▶ [Problem requirements] Transcribe the full listing below, word for word, without pictures.

▶ [Record extracts]
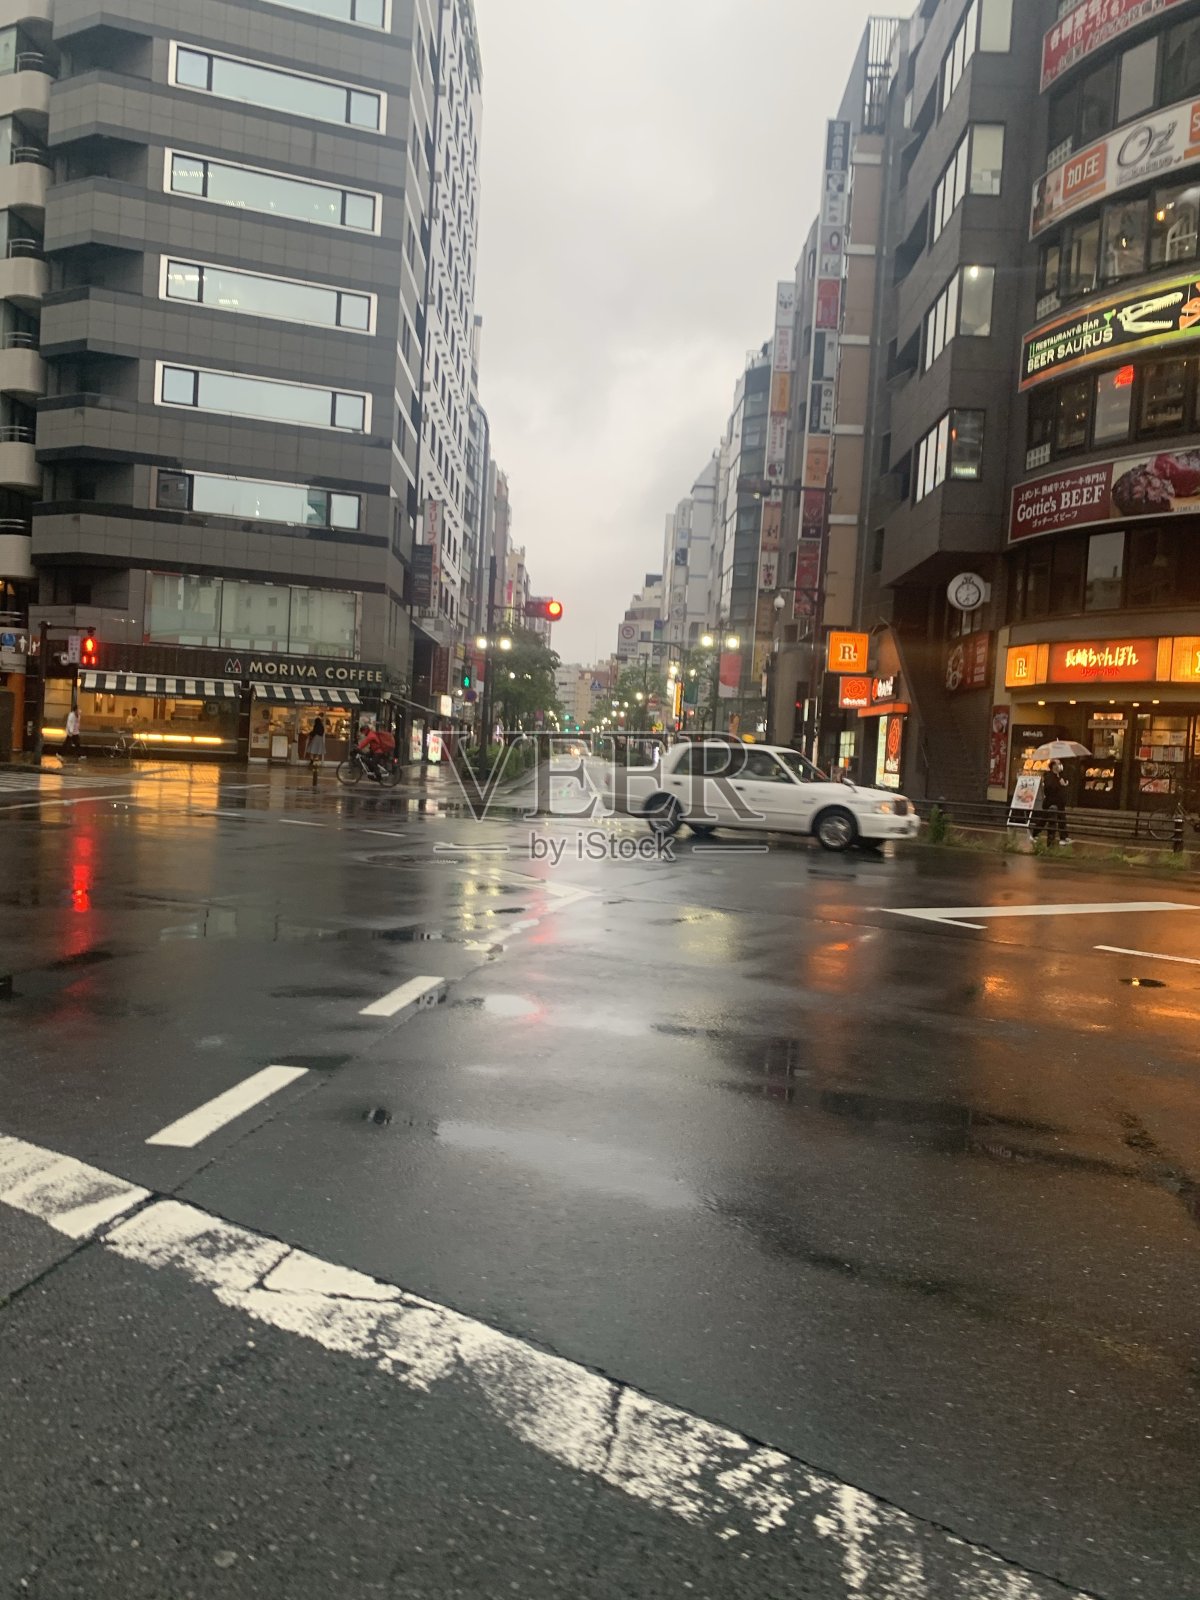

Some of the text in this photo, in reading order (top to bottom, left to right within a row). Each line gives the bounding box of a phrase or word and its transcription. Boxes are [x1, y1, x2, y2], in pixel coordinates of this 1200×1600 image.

[1067, 153, 1100, 189] 加圧
[1027, 327, 1113, 374] BEER SAURUS
[1016, 484, 1105, 522] Gottie's BEEF
[839, 643, 857, 662] R
[250, 661, 382, 682] MORIVA COFFEE

▶ [Completed task]
Some of the text in this photo, in reading order (top to bottom, left to right within a row). Each line gives the bounding box of a phrase or word and its transcription. Boxes are [x1, y1, x2, y2], in pixel coordinates of this 1200×1600 image.

[1067, 153, 1100, 189] 加圧
[1027, 327, 1113, 374] BEER SAURUS
[1016, 484, 1105, 522] Gottie's BEEF
[839, 643, 857, 662] R
[250, 661, 382, 682] MORIVA COFFEE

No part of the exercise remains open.